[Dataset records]
■ ■ ■ ■
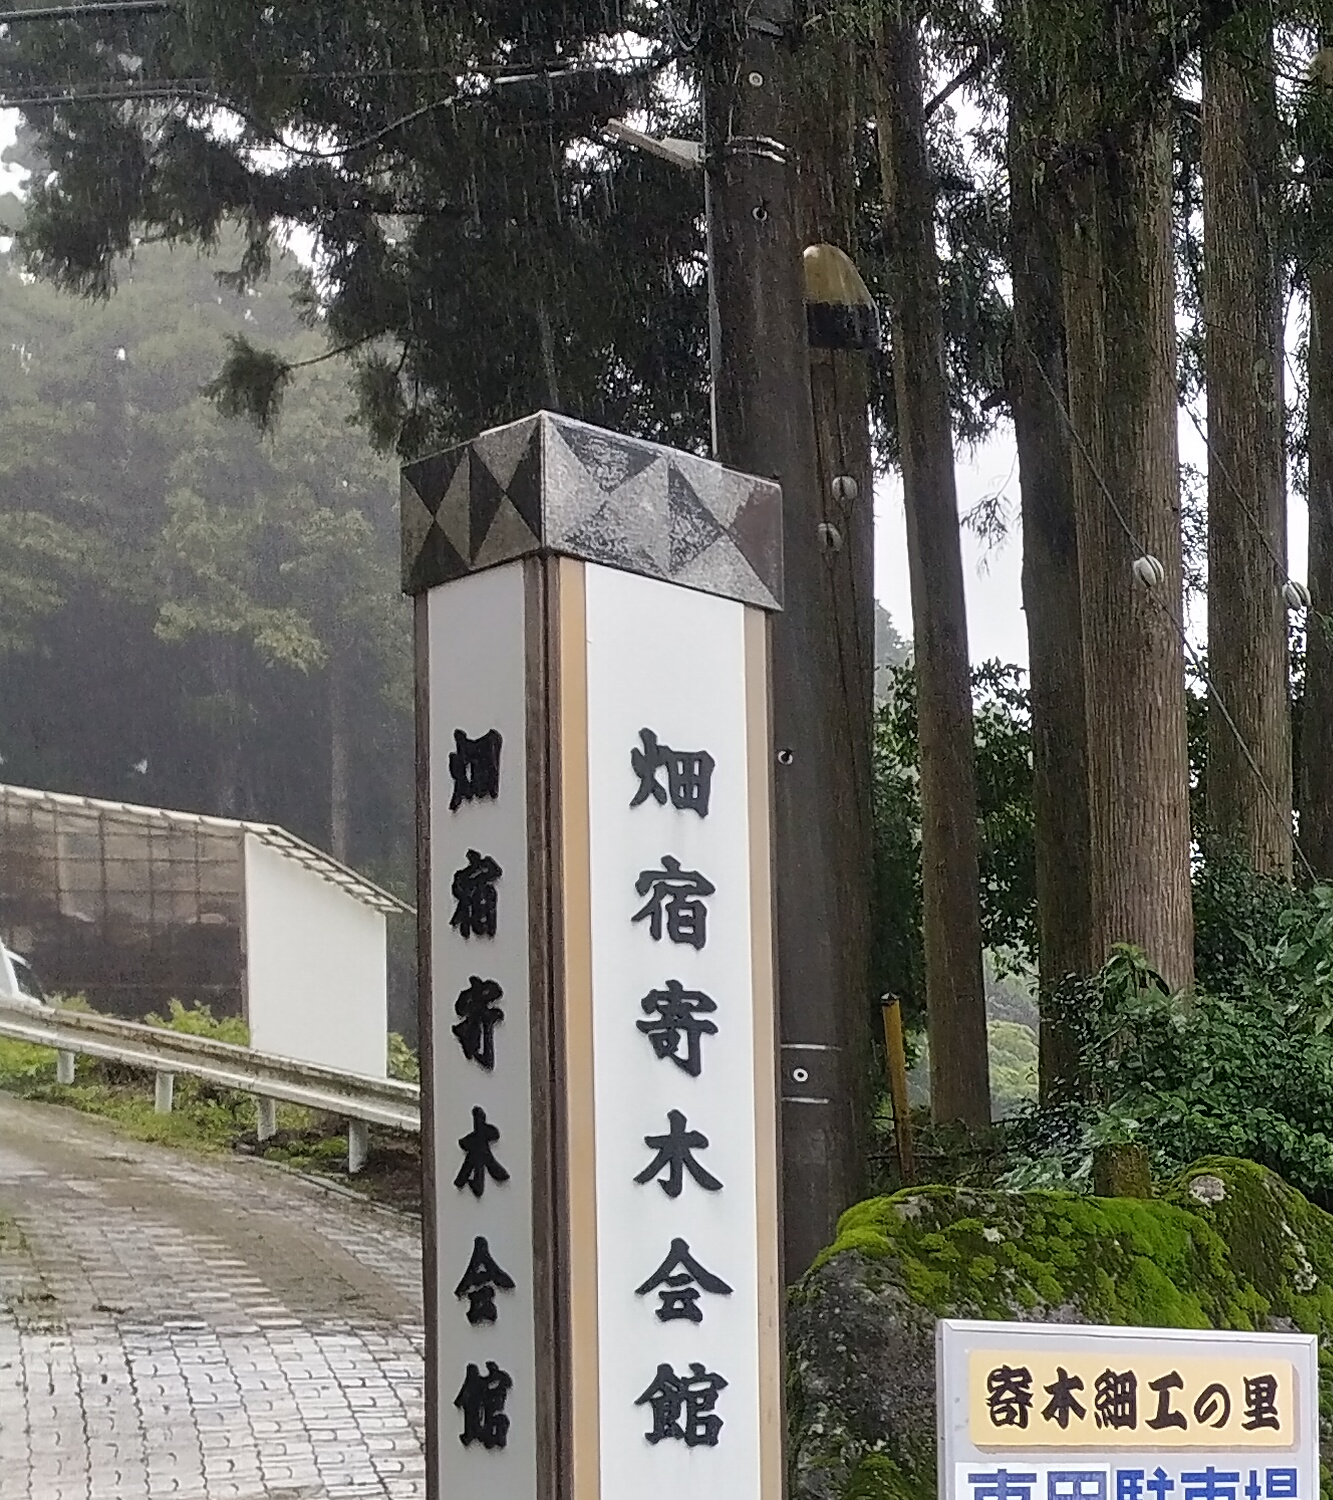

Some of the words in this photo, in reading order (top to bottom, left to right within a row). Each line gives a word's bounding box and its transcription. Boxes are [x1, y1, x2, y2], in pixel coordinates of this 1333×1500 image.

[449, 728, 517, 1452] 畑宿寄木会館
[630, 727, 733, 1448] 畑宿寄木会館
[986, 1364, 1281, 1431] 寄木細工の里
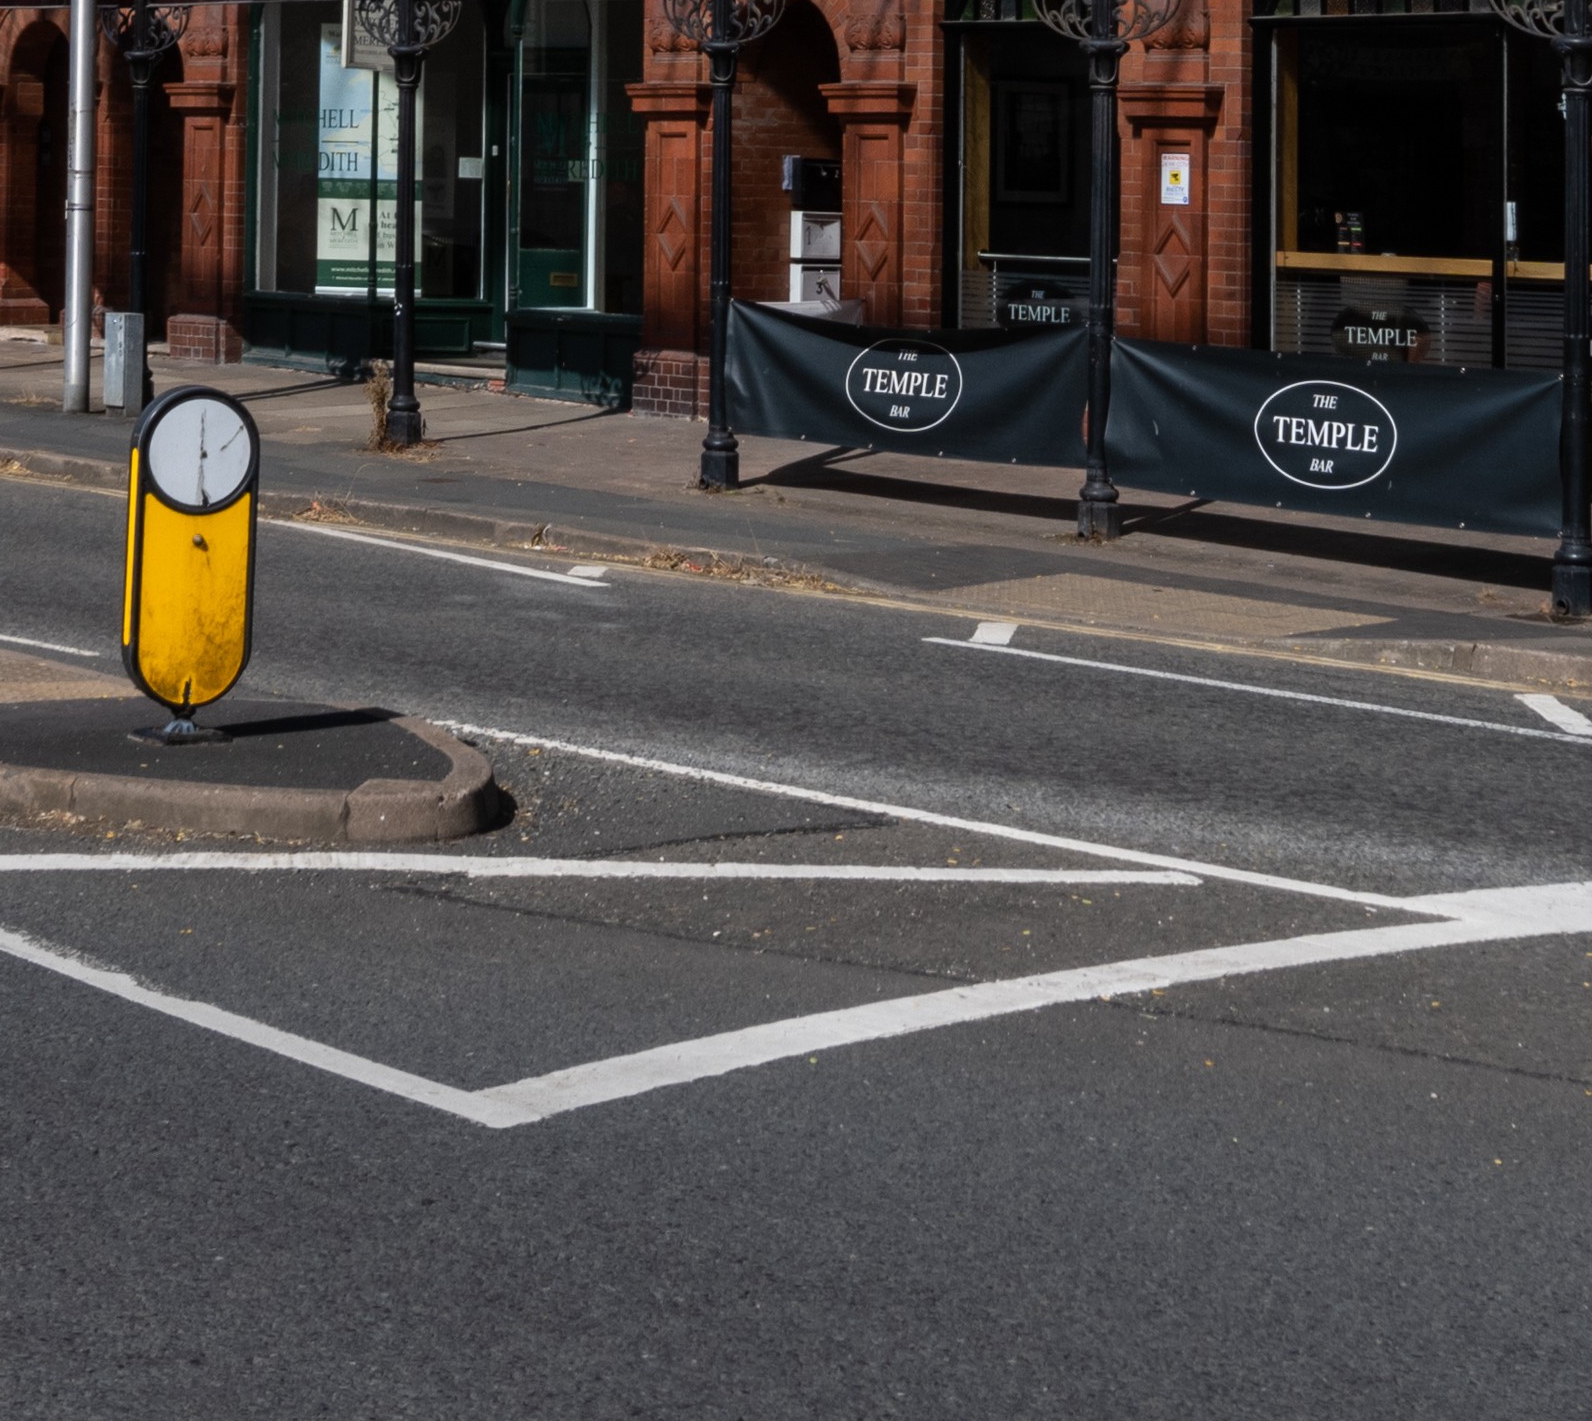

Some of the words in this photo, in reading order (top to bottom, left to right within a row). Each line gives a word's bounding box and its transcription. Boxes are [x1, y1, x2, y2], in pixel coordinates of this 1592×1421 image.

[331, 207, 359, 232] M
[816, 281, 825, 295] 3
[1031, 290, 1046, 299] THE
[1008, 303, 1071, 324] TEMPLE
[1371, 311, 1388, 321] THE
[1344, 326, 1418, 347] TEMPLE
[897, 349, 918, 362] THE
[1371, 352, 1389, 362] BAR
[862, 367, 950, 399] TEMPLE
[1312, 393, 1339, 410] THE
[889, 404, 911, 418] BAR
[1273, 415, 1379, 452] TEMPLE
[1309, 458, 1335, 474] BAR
■ ■ ■ ■
● **Work request**: Every line from the one containing "this 1592×1421 image." through the last line of the entries above must be output exactly. Leave the rest out.

● **Result below**:
Some of the words in this photo, in reading order (top to bottom, left to right within a row). Each line gives a word's bounding box and its transcription. Boxes are [x1, y1, x2, y2], in pixel coordinates of this 1592×1421 image.

[331, 207, 359, 232] M
[816, 281, 825, 295] 3
[1031, 290, 1046, 299] THE
[1008, 303, 1071, 324] TEMPLE
[1371, 311, 1388, 321] THE
[1344, 326, 1418, 347] TEMPLE
[897, 349, 918, 362] THE
[1371, 352, 1389, 362] BAR
[862, 367, 950, 399] TEMPLE
[1312, 393, 1339, 410] THE
[889, 404, 911, 418] BAR
[1273, 415, 1379, 452] TEMPLE
[1309, 458, 1335, 474] BAR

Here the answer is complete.